■ **Source records**:
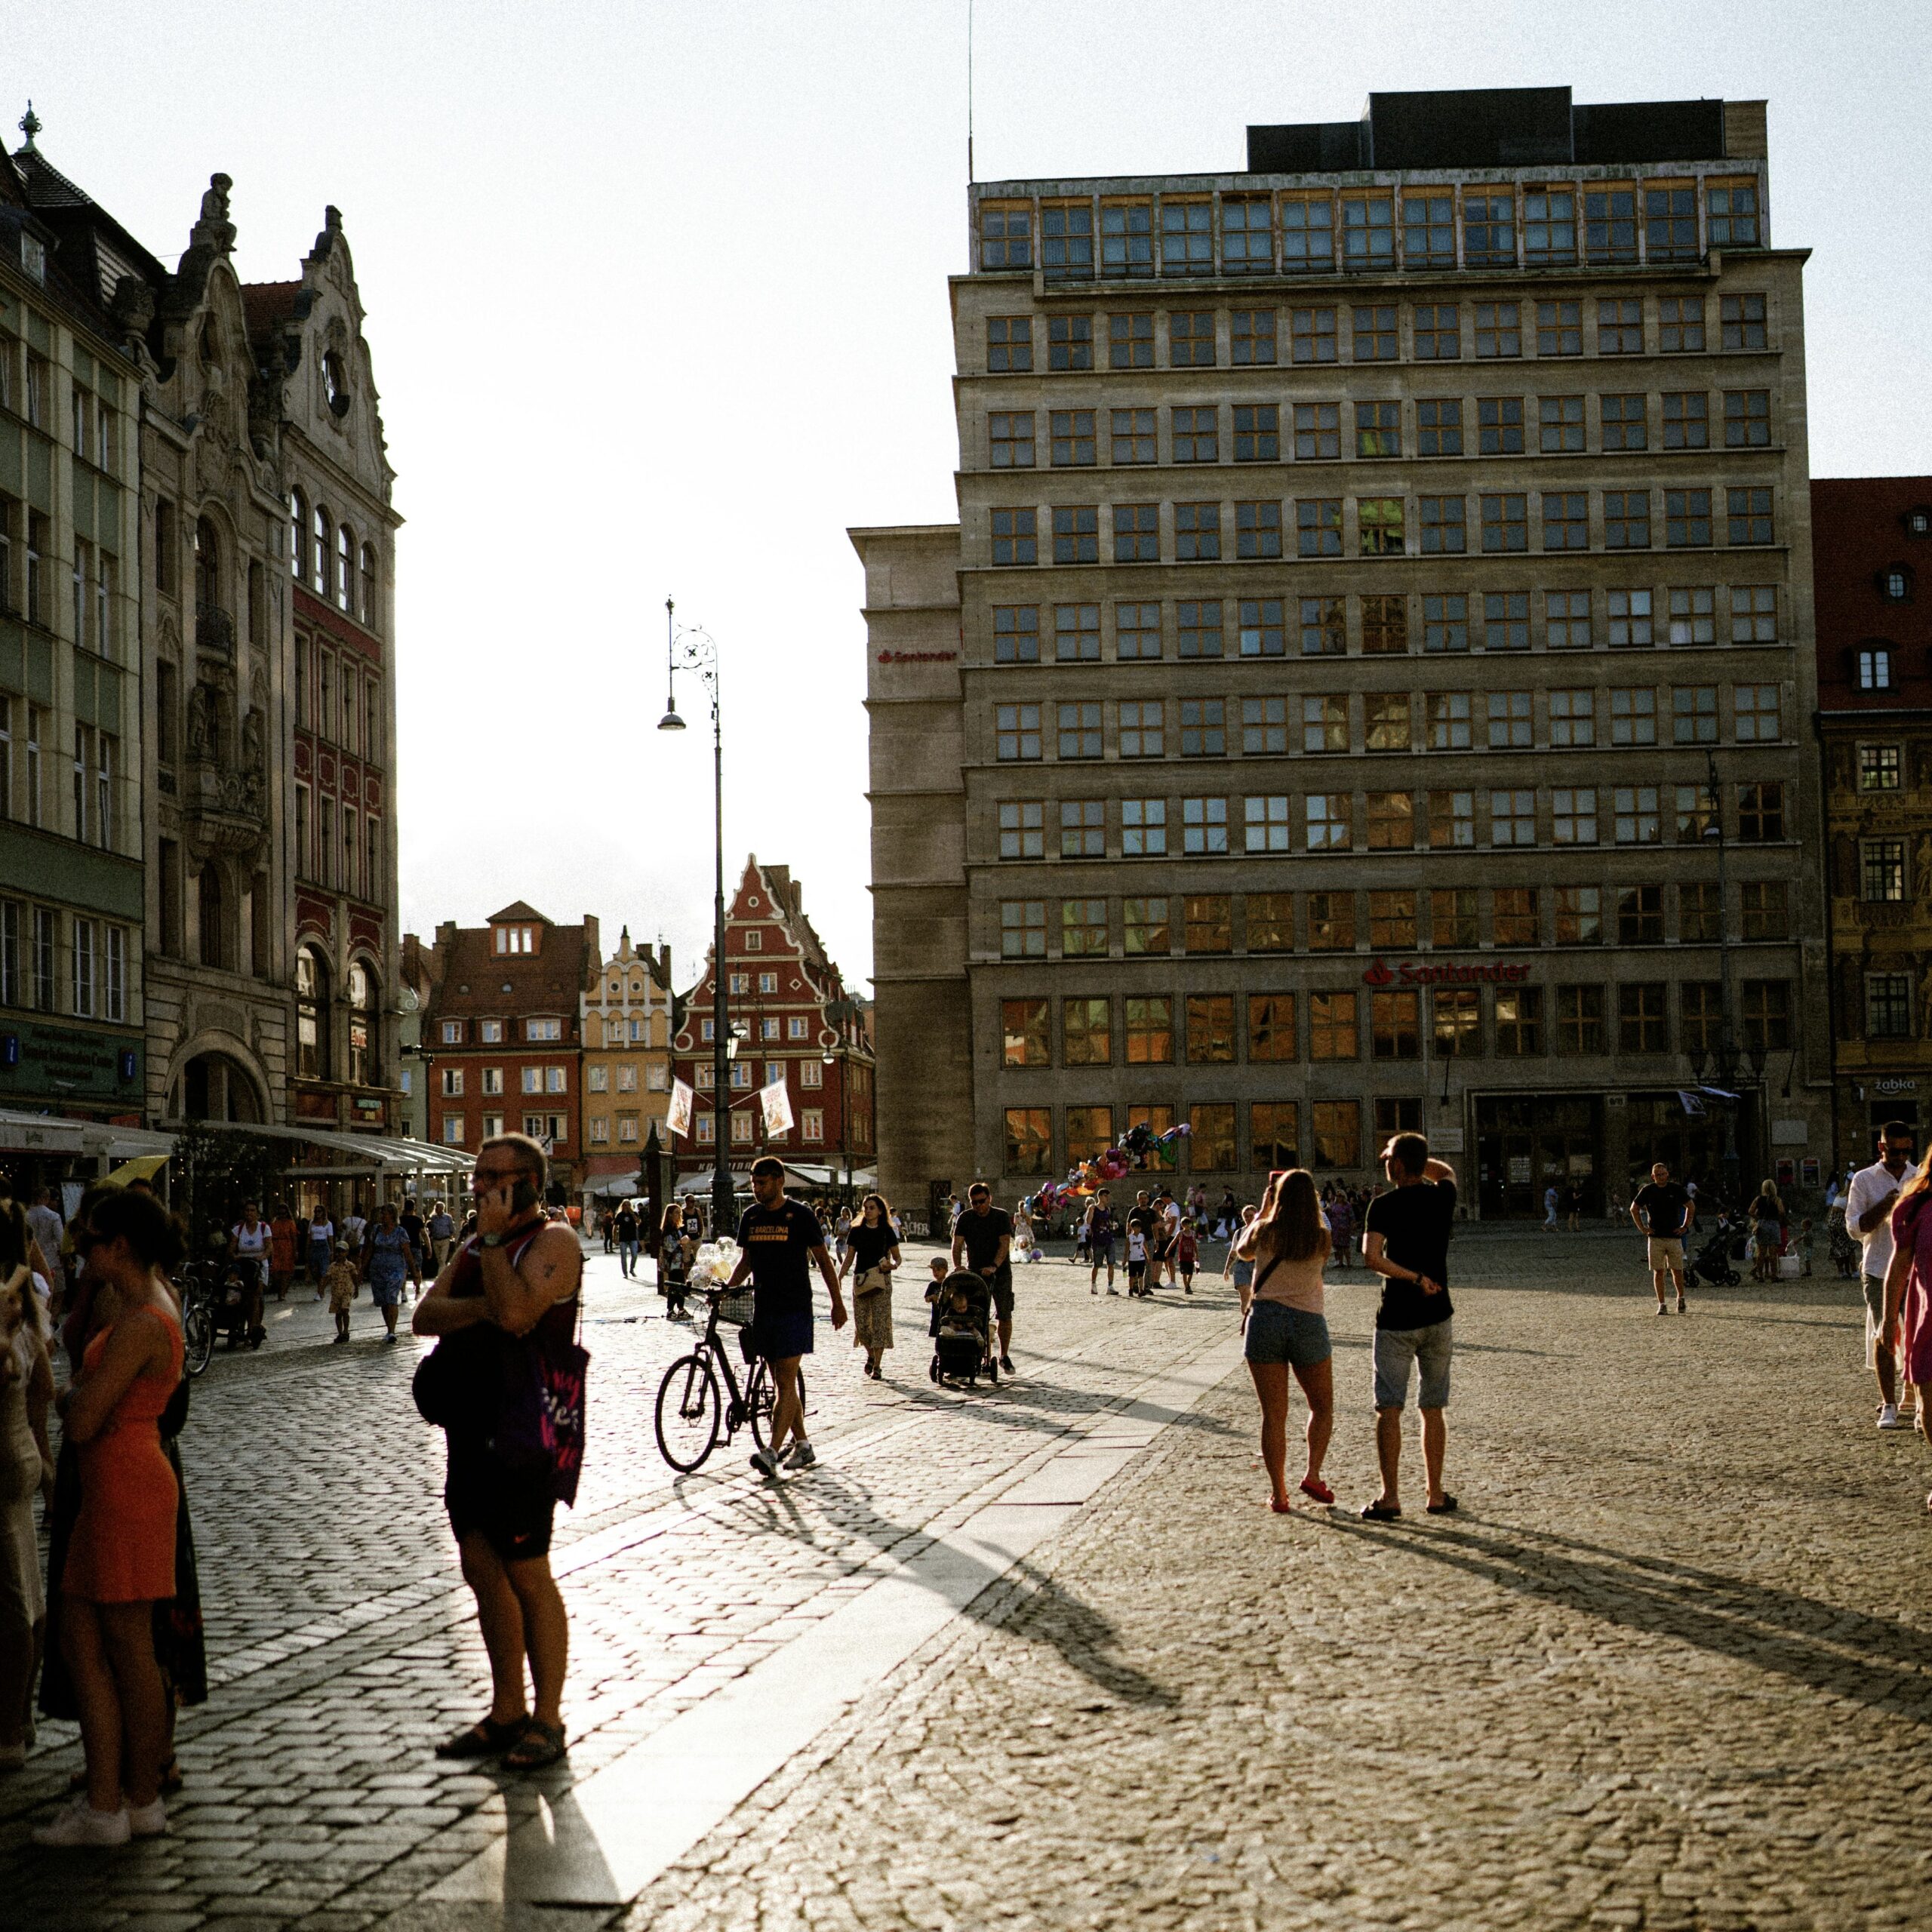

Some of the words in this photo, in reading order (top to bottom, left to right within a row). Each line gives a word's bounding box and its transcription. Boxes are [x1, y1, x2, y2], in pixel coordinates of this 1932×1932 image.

[894, 651, 957, 663] Santander
[1399, 960, 1531, 984] Santander
[1875, 1078, 1915, 1091] żabka
[755, 1226, 789, 1234] BARCELONA

■ **Work request**:
Set down every entry above verbatim, without pictures.

■ **Your response**:
Some of the words in this photo, in reading order (top to bottom, left to right within a row). Each line gives a word's bounding box and its transcription. Boxes are [x1, y1, x2, y2], in pixel coordinates of this 1932×1932 image.

[894, 651, 957, 663] Santander
[1399, 960, 1531, 984] Santander
[1875, 1078, 1915, 1091] żabka
[755, 1226, 789, 1234] BARCELONA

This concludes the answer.